[darcs-users] UTF-16 (was: Default binary masks)
Trevor Talbot
quension at mac.com
Wed Nov 26 03:04:58 UTC 2003
On Tuesday, Nov 25, 2003, at 17:47 US/Pacific, Sean E. Russell wrote:
> On Tuesday 25 November 2003 19:59, Trevor Talbot wrote:
>> UTF-16 is just as stateless and error resistant as UTF-8 within a
>> resistant on the codepoint level. For example, UTF-8 is not
>> stateless and error resistant in the face of a bit stream.
>
> Error restistant at the codepoint level, yes. If you have a stream
> realiable at the level of 2 bytes, then UTF-16 is error resistant.
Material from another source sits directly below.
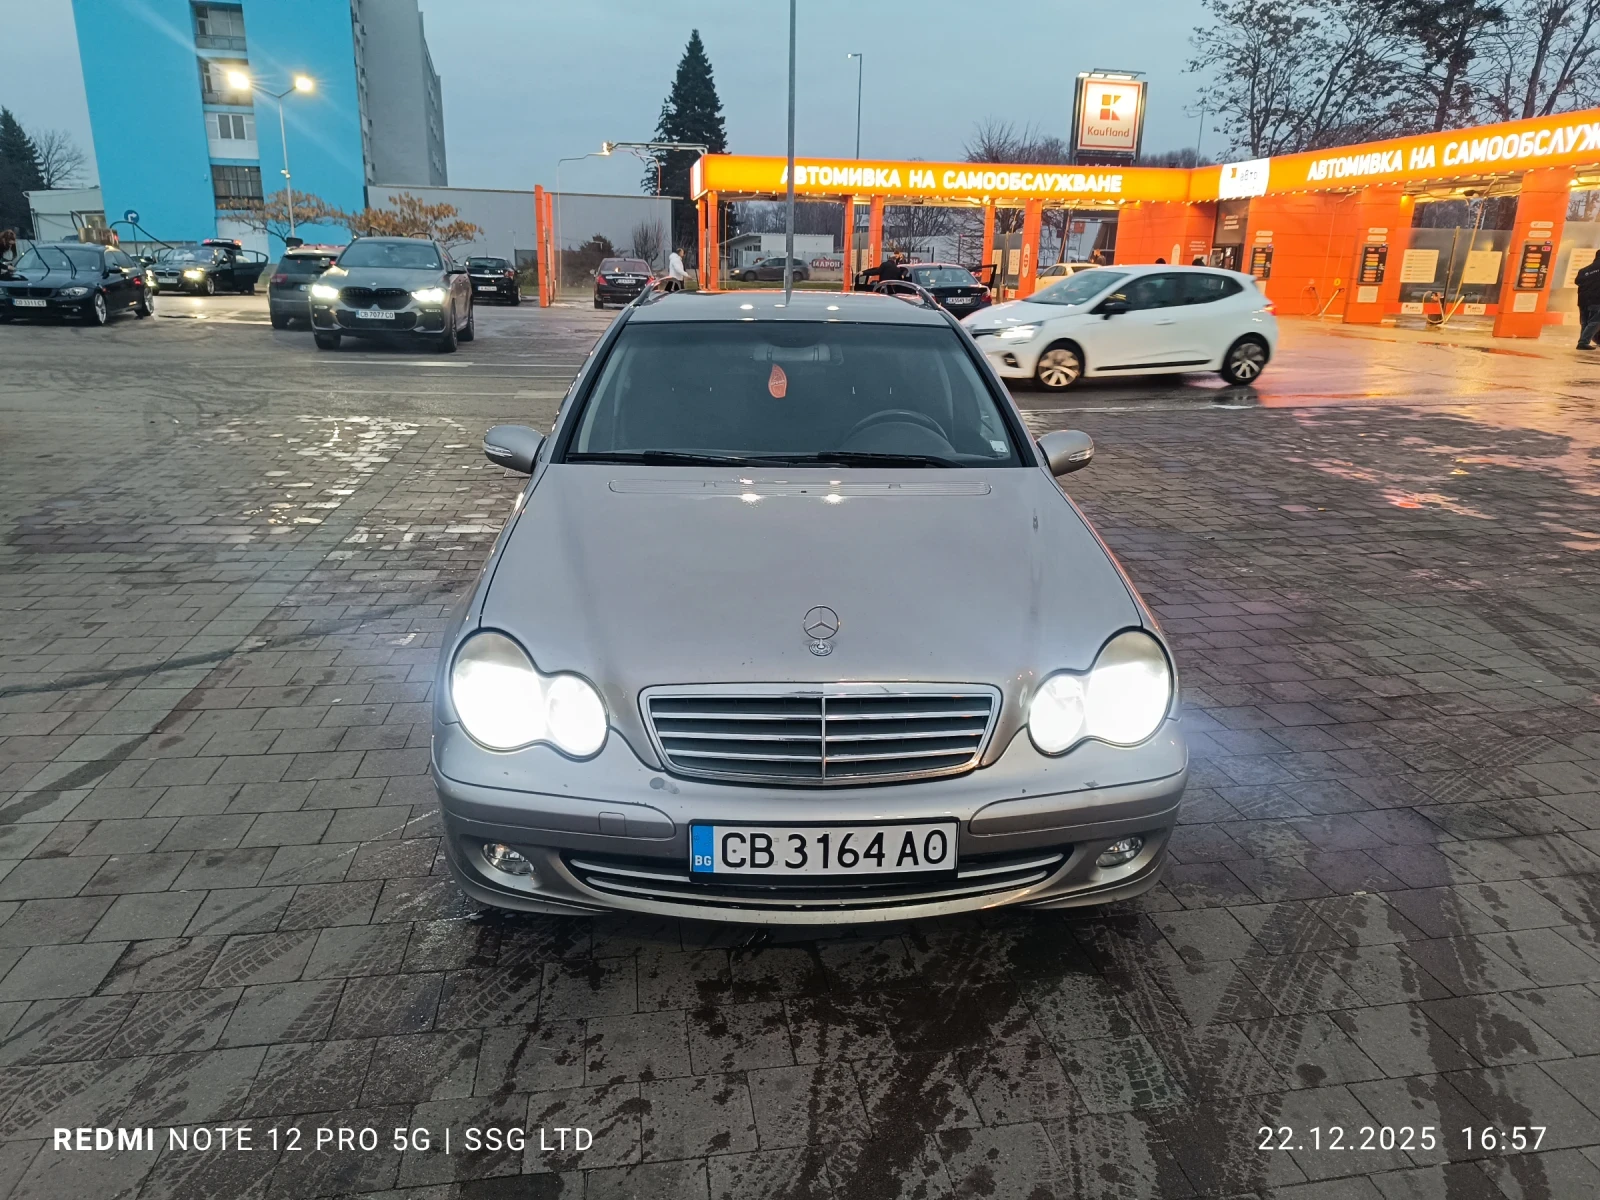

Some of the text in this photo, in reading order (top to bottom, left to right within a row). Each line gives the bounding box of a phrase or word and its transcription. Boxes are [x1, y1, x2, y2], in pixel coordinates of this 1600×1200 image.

> However, UTF-16 is still not stateless. I, once again, state the
> trivial case: you need the byte order from the start of the stream.
> Since you need information from the start of the stream, UTF-16 is, by
> definition, not stateless.
This is a valid point.
On a practical note, if it is labeled out of band, then you know that
the stream is UTF-16BE or UTF-16LE by the same token that you know it
is UTF-8. That mitigates the requirement of information from the start
of the stream, but it does not remove the "byte order" state itself.
>> dealing with 16 bit codepoints. If your underlying file access is on
>> an octet basis (as it would be in most of the systems in this
>> discussion), then you read, write and move 2 octets at a time on that
>
> This assumes that you're starting at the front of the stream, which is
> why UTF-16 isn't stateless. If you have to "start counting" from the
> start of the stream, it isn't stateless. It is only stateless if you
> know you are dropping into the stream on a double-byte boundry, which
> is much less probable than a that you're dropping in on a byte > boundry.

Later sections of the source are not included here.